At this point, I was hooked on the story and intrigued by the characters. But I soon started having trouble staying focused on the story. I had to take frequent breaks. I couldn’t exactly pinpoint why that was at first. I thought that the conspiracy Chris and Jason were trying to uncover was contrived (or, as the author says, “elaborate”), but the author explained why was that necessary. I had trouble with the characterization and, especially, Chris’s behavior, but the author explained that too. And then it hit me – that was exactly my problem. Throughout the novel the author tells things to us, explains them to us, instead of showing them to us. This created a distance from the characters, and although they should have been sympathetic, especially Chris who had suffered so much, I found it difficult to understand them, to understand some of their actions. I couldn’t help thinking that The Heart of the Jungle would have been a great movie where the actors’ expressions and movie images would supplement the emotional content. I don’t want to imply that there were no great emotional moments in the book: the scene where Chris tells Jason how it felt to have a daughter come into his life left me really choked up. However, I had a hard time believing in their connection, especially the fact that Jason falls in love with Chris within two or three days after meeting him.

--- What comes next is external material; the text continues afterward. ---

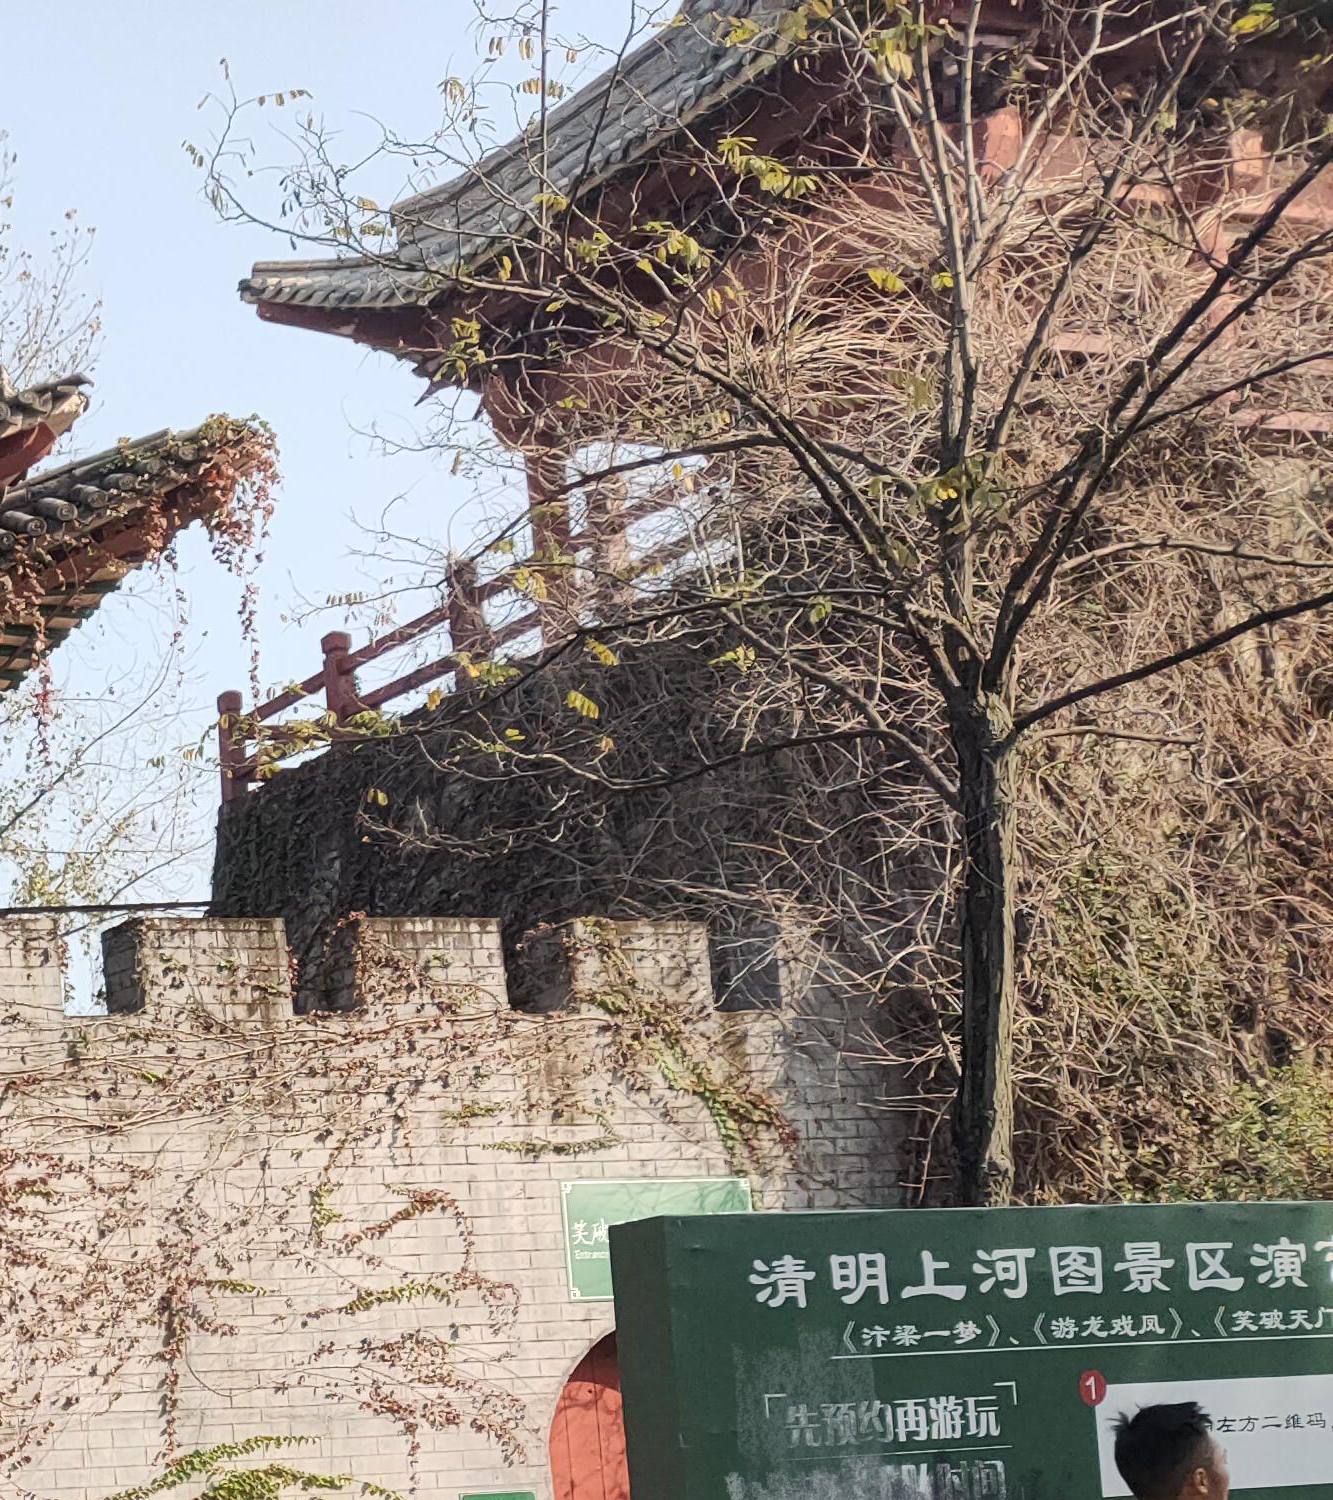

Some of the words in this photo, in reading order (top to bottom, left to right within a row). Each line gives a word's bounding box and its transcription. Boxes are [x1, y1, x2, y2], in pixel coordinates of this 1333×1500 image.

[1209, 1412, 1327, 1433] 左方二维码
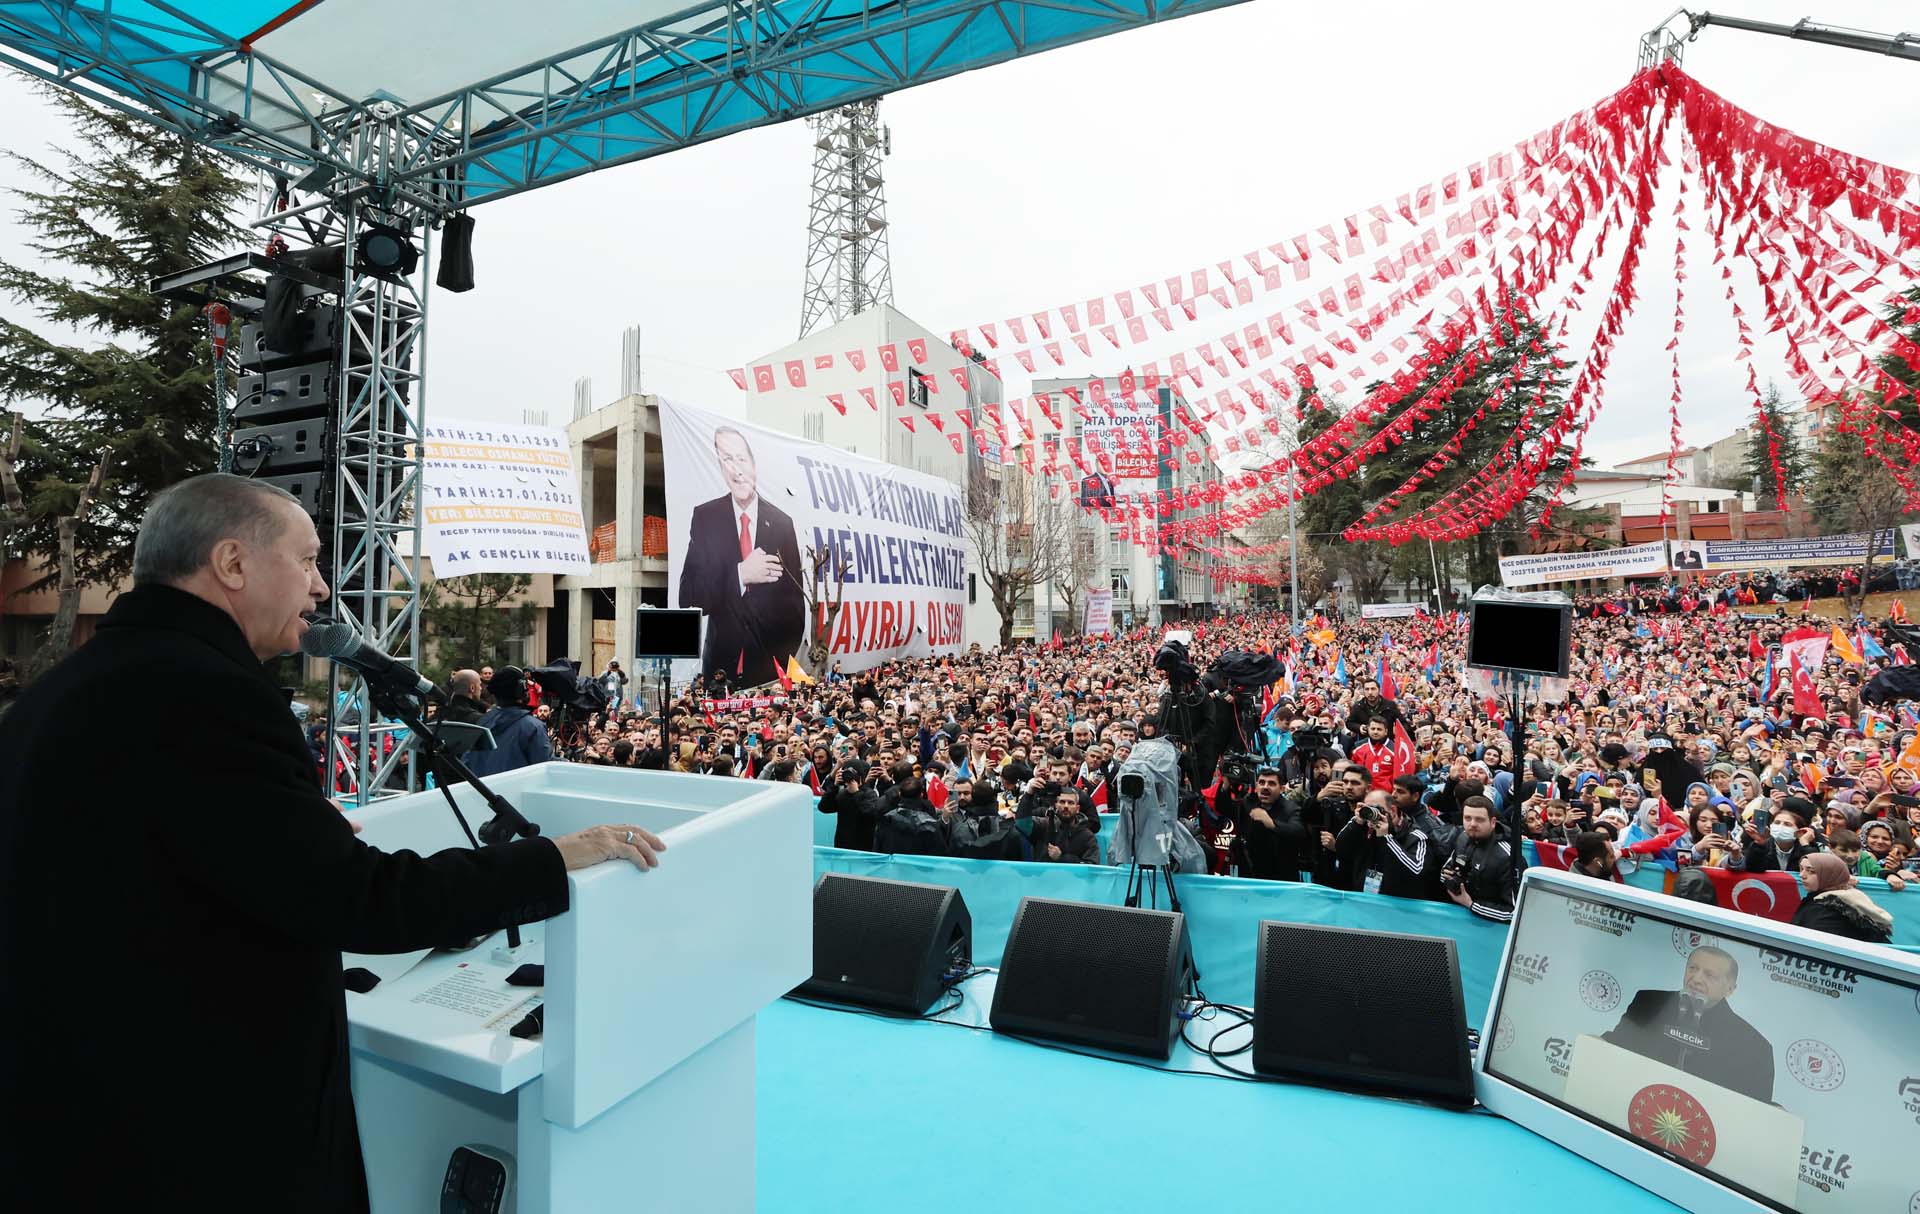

Perhaps my biggest complaint comes from the fact that somewhere half way through the novel the story gets a big boost from Chris’s TSTL (too stupid to live) moment. After a falling-out with Jason, an angry Chris does the stupidest thing possible, endangering more than his own life, which drives the novel to the very end. I wished that the events, including some incredible twists and turns that follow, would have developed more naturally. Additionally, the development of the protagonists is rather static. In Jason’s case, it happens somewhat through his interaction with Chris, but the main change occurred through a coincidental meeting that makes him reevaluate his past in the FBI. In Chris’s case, the main changes happened off-page, in the period between the ending of the novel and the epilogue. Among the secondary characters, I especially liked Jason’s former colleague Frank. The conclusion of the story was very exciting and it kept me on the edge of my seat.
As I said at the beginning, a small part of my criticism stems from the high expectations I had after reading the great beginning of this story. I recognize that your experience will also depend on your mileage in the mystery genre. It’s quite possible that your impressions will be significantly different than mine. The author has a great command of language and obviously a lot of imagination. In fact, considering that this is his first novel, I suspect that Jeremy Pack will be a wonderful addition to the genre.